Data.
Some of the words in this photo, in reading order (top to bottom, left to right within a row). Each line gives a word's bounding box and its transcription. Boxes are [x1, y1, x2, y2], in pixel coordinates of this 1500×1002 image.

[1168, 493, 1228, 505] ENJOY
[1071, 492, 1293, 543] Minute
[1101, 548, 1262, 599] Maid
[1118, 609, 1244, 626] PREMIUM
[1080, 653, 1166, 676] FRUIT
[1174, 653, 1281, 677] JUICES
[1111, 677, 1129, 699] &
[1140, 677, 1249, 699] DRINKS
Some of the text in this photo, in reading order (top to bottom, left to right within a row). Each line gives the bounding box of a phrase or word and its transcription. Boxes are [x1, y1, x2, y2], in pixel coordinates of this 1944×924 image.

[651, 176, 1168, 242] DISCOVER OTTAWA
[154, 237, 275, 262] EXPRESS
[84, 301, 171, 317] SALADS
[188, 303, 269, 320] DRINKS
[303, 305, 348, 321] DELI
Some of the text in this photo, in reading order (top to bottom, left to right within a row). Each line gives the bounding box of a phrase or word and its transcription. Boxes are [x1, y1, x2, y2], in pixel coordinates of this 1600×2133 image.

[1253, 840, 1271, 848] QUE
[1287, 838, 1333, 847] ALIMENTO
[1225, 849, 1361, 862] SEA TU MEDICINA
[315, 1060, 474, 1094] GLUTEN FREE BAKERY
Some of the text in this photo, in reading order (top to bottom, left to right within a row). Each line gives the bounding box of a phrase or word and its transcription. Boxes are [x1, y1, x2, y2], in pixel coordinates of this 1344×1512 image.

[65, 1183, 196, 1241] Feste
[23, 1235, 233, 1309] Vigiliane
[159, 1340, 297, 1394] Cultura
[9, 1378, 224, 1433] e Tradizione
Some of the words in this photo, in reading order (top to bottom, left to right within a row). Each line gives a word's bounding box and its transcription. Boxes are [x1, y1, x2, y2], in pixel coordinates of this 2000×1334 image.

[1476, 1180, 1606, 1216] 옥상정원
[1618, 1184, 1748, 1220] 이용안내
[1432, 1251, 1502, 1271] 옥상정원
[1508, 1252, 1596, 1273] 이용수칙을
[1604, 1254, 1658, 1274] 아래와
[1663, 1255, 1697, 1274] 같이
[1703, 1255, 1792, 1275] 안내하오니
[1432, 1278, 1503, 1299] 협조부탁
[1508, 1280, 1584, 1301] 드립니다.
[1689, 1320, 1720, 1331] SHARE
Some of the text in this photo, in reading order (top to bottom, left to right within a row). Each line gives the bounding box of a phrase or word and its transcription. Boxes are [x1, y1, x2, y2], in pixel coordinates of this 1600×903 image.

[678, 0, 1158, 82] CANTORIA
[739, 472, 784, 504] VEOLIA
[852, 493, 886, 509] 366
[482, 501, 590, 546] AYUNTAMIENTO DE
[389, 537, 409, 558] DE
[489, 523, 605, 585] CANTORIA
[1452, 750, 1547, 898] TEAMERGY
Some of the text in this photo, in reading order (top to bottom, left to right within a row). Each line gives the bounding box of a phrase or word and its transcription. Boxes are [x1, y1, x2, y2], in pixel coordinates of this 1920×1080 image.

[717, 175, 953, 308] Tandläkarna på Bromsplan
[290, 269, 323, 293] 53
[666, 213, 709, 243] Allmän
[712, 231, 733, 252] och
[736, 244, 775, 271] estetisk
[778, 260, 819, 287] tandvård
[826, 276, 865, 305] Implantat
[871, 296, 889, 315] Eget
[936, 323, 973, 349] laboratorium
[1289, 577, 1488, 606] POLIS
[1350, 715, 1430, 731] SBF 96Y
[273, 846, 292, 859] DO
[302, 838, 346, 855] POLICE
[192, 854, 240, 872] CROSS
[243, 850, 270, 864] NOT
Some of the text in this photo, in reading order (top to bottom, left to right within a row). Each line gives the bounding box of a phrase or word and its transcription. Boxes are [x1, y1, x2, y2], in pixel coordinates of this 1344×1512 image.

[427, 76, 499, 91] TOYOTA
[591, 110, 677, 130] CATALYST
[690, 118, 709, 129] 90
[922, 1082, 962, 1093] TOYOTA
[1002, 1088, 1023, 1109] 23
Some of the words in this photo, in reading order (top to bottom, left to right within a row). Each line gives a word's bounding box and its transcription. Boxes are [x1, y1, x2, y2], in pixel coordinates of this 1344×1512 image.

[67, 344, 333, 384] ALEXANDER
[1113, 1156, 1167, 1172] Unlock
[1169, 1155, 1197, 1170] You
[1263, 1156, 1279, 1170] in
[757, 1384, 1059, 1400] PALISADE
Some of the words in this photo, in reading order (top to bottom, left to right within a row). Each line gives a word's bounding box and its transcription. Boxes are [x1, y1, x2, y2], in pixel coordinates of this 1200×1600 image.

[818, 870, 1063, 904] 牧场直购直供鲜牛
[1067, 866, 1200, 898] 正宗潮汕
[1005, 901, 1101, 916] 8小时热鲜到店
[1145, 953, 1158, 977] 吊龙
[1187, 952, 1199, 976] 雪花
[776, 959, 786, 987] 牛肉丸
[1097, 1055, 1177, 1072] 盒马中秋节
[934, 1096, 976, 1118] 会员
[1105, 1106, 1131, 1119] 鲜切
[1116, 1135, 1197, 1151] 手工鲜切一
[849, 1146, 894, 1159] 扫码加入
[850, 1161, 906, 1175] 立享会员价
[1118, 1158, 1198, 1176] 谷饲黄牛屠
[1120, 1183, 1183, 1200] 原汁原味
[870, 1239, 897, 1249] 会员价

The task. Each line above is to be copied exactly as written.

Solution.
Some of the words in this photo, in reading order (top to bottom, left to right within a row). Each line gives a word's bounding box and its transcription. Boxes are [x1, y1, x2, y2], in pixel coordinates of this 1500×1002 image.

[1168, 493, 1228, 505] ENJOY
[1071, 492, 1293, 543] Minute
[1101, 548, 1262, 599] Maid
[1118, 609, 1244, 626] PREMIUM
[1080, 653, 1166, 676] FRUIT
[1174, 653, 1281, 677] JUICES
[1111, 677, 1129, 699] &
[1140, 677, 1249, 699] DRINKS
Some of the text in this photo, in reading order (top to bottom, left to right within a row). Each line gives the bounding box of a phrase or word and its transcription. Boxes are [x1, y1, x2, y2], in pixel coordinates of this 1944×924 image.

[651, 176, 1168, 242] DISCOVER OTTAWA
[154, 237, 275, 262] EXPRESS
[84, 301, 171, 317] SALADS
[188, 303, 269, 320] DRINKS
[303, 305, 348, 321] DELI
Some of the text in this photo, in reading order (top to bottom, left to right within a row). Each line gives the bounding box of a phrase or word and its transcription. Boxes are [x1, y1, x2, y2], in pixel coordinates of this 1600×2133 image.

[1253, 840, 1271, 848] QUE
[1287, 838, 1333, 847] ALIMENTO
[1225, 849, 1361, 862] SEA TU MEDICINA
[315, 1060, 474, 1094] GLUTEN FREE BAKERY
Some of the text in this photo, in reading order (top to bottom, left to right within a row). Each line gives the bounding box of a phrase or word and its transcription. Boxes are [x1, y1, x2, y2], in pixel coordinates of this 1344×1512 image.

[65, 1183, 196, 1241] Feste
[23, 1235, 233, 1309] Vigiliane
[159, 1340, 297, 1394] Cultura
[9, 1378, 224, 1433] e Tradizione
Some of the words in this photo, in reading order (top to bottom, left to right within a row). Each line gives a word's bounding box and its transcription. Boxes are [x1, y1, x2, y2], in pixel coordinates of this 2000×1334 image.

[1476, 1180, 1606, 1216] 옥상정원
[1618, 1184, 1748, 1220] 이용안내
[1432, 1251, 1502, 1271] 옥상정원
[1508, 1252, 1596, 1273] 이용수칙을
[1604, 1254, 1658, 1274] 아래와
[1663, 1255, 1697, 1274] 같이
[1703, 1255, 1792, 1275] 안내하오니
[1432, 1278, 1503, 1299] 협조부탁
[1508, 1280, 1584, 1301] 드립니다.
[1689, 1320, 1720, 1331] SHARE
Some of the text in this photo, in reading order (top to bottom, left to right within a row). Each line gives the bounding box of a phrase or word and its transcription. Boxes are [x1, y1, x2, y2], in pixel coordinates of this 1600×903 image.

[678, 0, 1158, 82] CANTORIA
[739, 472, 784, 504] VEOLIA
[852, 493, 886, 509] 366
[482, 501, 590, 546] AYUNTAMIENTO DE
[389, 537, 409, 558] DE
[489, 523, 605, 585] CANTORIA
[1452, 750, 1547, 898] TEAMERGY
Some of the text in this photo, in reading order (top to bottom, left to right within a row). Each line gives the bounding box of a phrase or word and its transcription. Boxes are [x1, y1, x2, y2], in pixel coordinates of this 1920×1080 image.

[717, 175, 953, 308] Tandläkarna på Bromsplan
[290, 269, 323, 293] 53
[666, 213, 709, 243] Allmän
[712, 231, 733, 252] och
[736, 244, 775, 271] estetisk
[778, 260, 819, 287] tandvård
[826, 276, 865, 305] Implantat
[871, 296, 889, 315] Eget
[936, 323, 973, 349] laboratorium
[1289, 577, 1488, 606] POLIS
[1350, 715, 1430, 731] SBF 96Y
[273, 846, 292, 859] DO
[302, 838, 346, 855] POLICE
[192, 854, 240, 872] CROSS
[243, 850, 270, 864] NOT
Some of the text in this photo, in reading order (top to bottom, left to right within a row). Each line gives the bounding box of a phrase or word and its transcription. Boxes are [x1, y1, x2, y2], in pixel coordinates of this 1344×1512 image.

[427, 76, 499, 91] TOYOTA
[591, 110, 677, 130] CATALYST
[690, 118, 709, 129] 90
[922, 1082, 962, 1093] TOYOTA
[1002, 1088, 1023, 1109] 23
Some of the words in this photo, in reading order (top to bottom, left to right within a row). Each line gives a word's bounding box and its transcription. Boxes are [x1, y1, x2, y2], in pixel coordinates of this 1344×1512 image.

[67, 344, 333, 384] ALEXANDER
[1113, 1156, 1167, 1172] Unlock
[1169, 1155, 1197, 1170] You
[1263, 1156, 1279, 1170] in
[757, 1384, 1059, 1400] PALISADE
Some of the words in this photo, in reading order (top to bottom, left to right within a row). Each line gives a word's bounding box and its transcription. Boxes are [x1, y1, x2, y2], in pixel coordinates of this 1200×1600 image.

[818, 870, 1063, 904] 牧场直购直供鲜牛
[1067, 866, 1200, 898] 正宗潮汕
[1005, 901, 1101, 916] 8小时热鲜到店
[1145, 953, 1158, 977] 吊龙
[1187, 952, 1199, 976] 雪花
[776, 959, 786, 987] 牛肉丸
[1097, 1055, 1177, 1072] 盒马中秋节
[934, 1096, 976, 1118] 会员
[1105, 1106, 1131, 1119] 鲜切
[1116, 1135, 1197, 1151] 手工鲜切一
[849, 1146, 894, 1159] 扫码加入
[850, 1161, 906, 1175] 立享会员价
[1118, 1158, 1198, 1176] 谷饲黄牛屠
[1120, 1183, 1183, 1200] 原汁原味
[870, 1239, 897, 1249] 会员价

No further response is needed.